● DATA
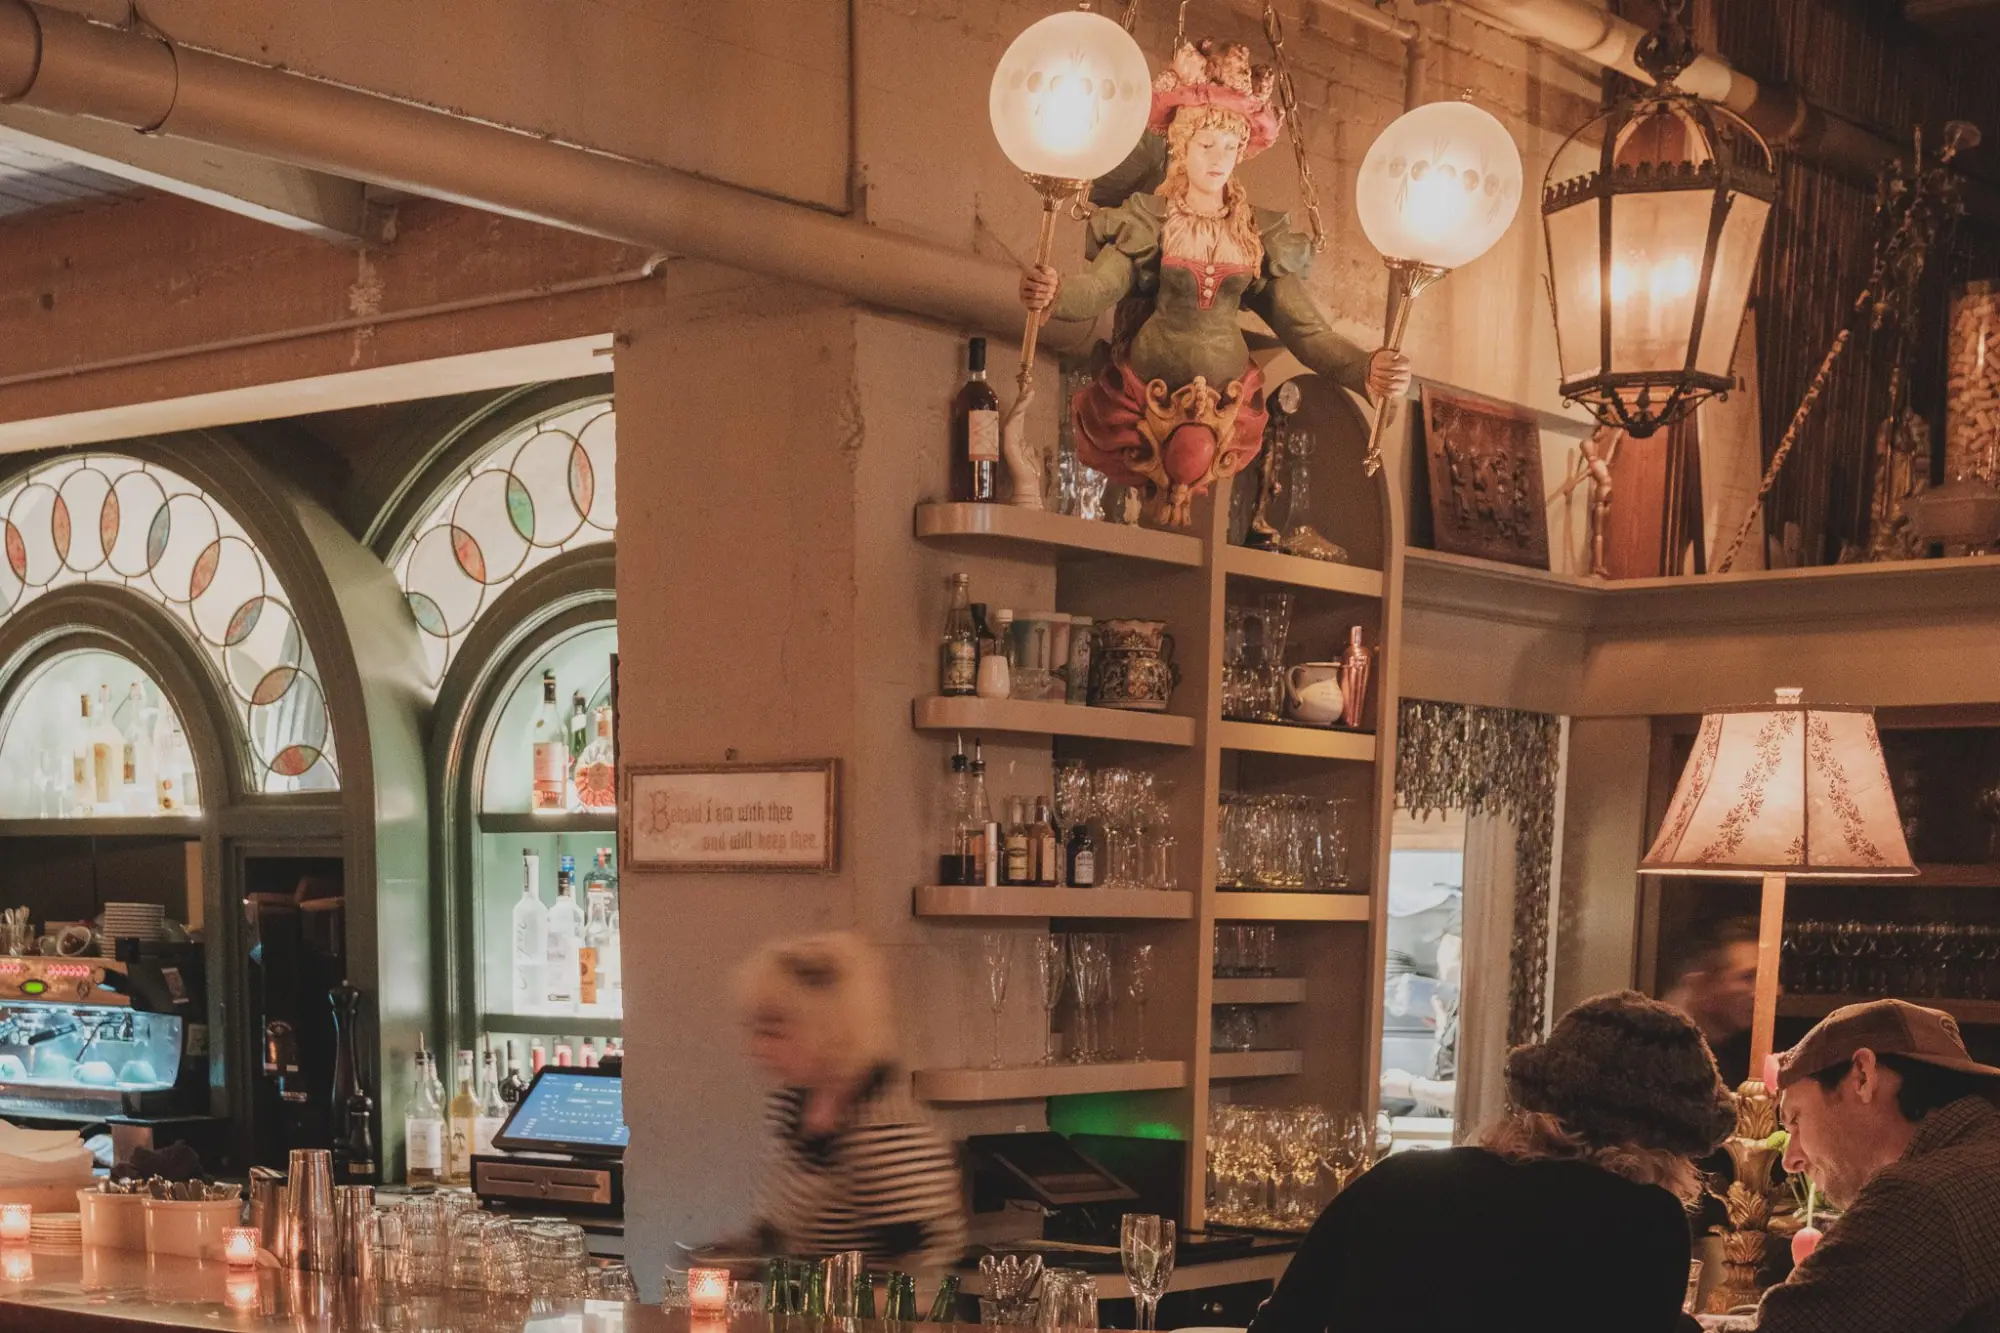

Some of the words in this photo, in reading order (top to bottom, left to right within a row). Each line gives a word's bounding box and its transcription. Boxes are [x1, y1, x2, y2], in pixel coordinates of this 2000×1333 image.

[648, 790, 702, 834] Behold
[716, 806, 735, 824] am
[738, 801, 764, 823] with
[768, 801, 794, 824] thee
[703, 831, 726, 852] and
[730, 829, 752, 850] will
[758, 831, 787, 854] keep
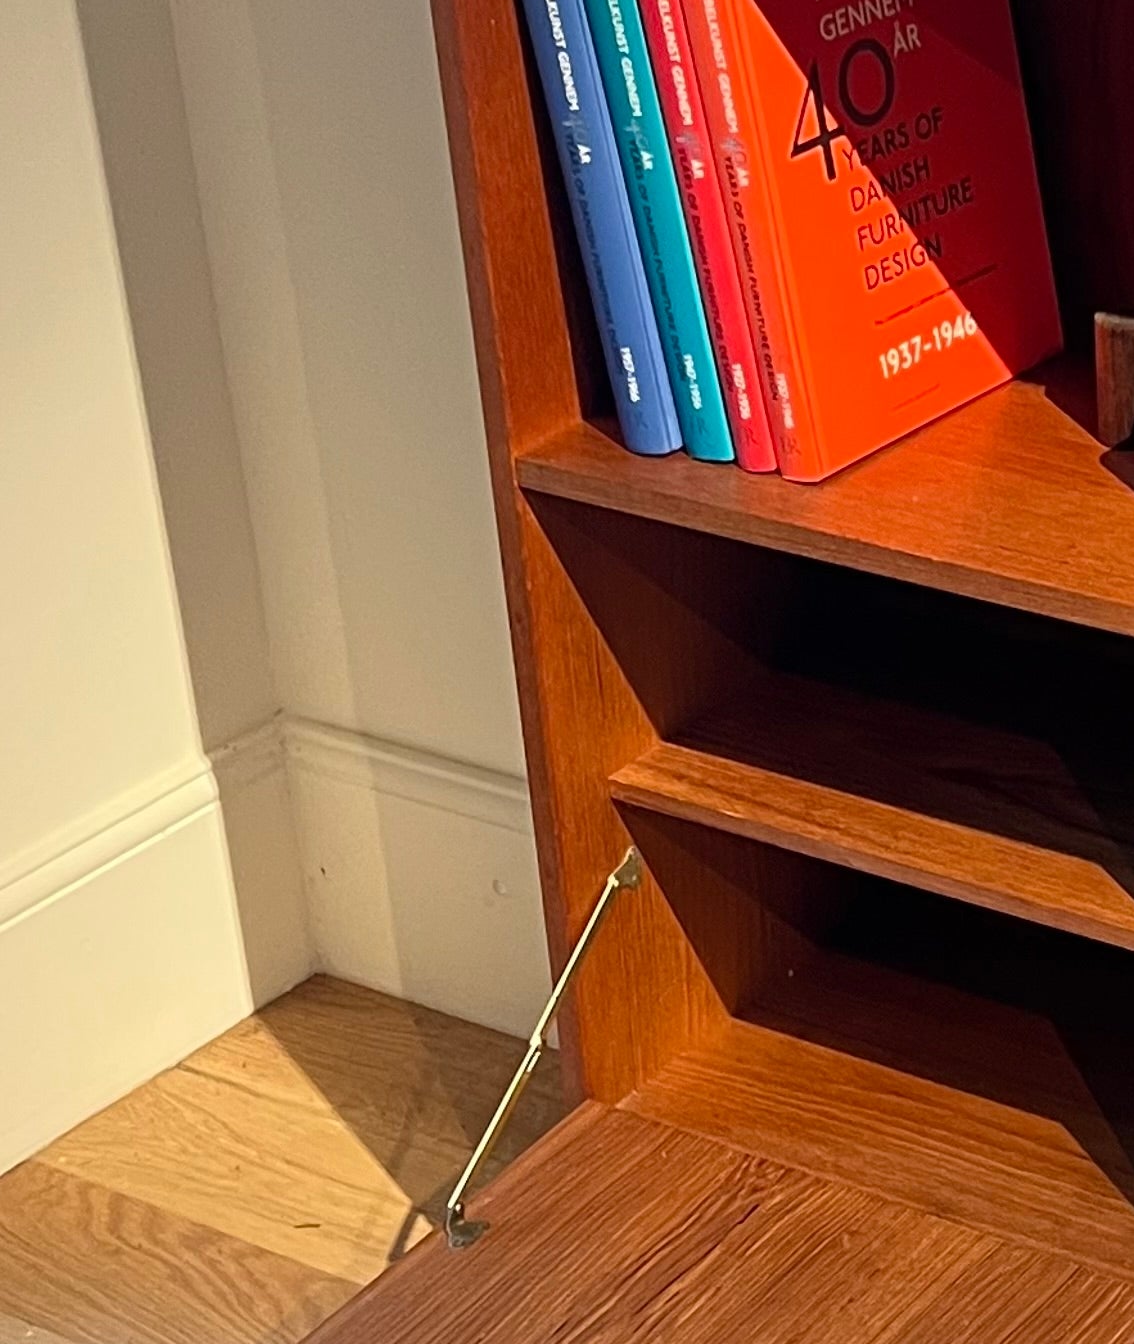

● YOUR ASSIGNMENT
Transcribe all data precisely. Pictures are not copied.

● RESPONSE TO THE EXERCISE
Some of the words in this photo, in reading order (top to bottom, left to right within a row). Each line gives a word's bounding box and its transcription. Boxes are [x1, y1, x2, y2], in pixel coordinates of this 2000×1333 image.

[648, 790, 702, 834] Behold
[716, 806, 735, 824] am
[738, 801, 764, 823] with
[768, 801, 794, 824] thee
[703, 831, 726, 852] and
[730, 829, 752, 850] will
[758, 831, 787, 854] keep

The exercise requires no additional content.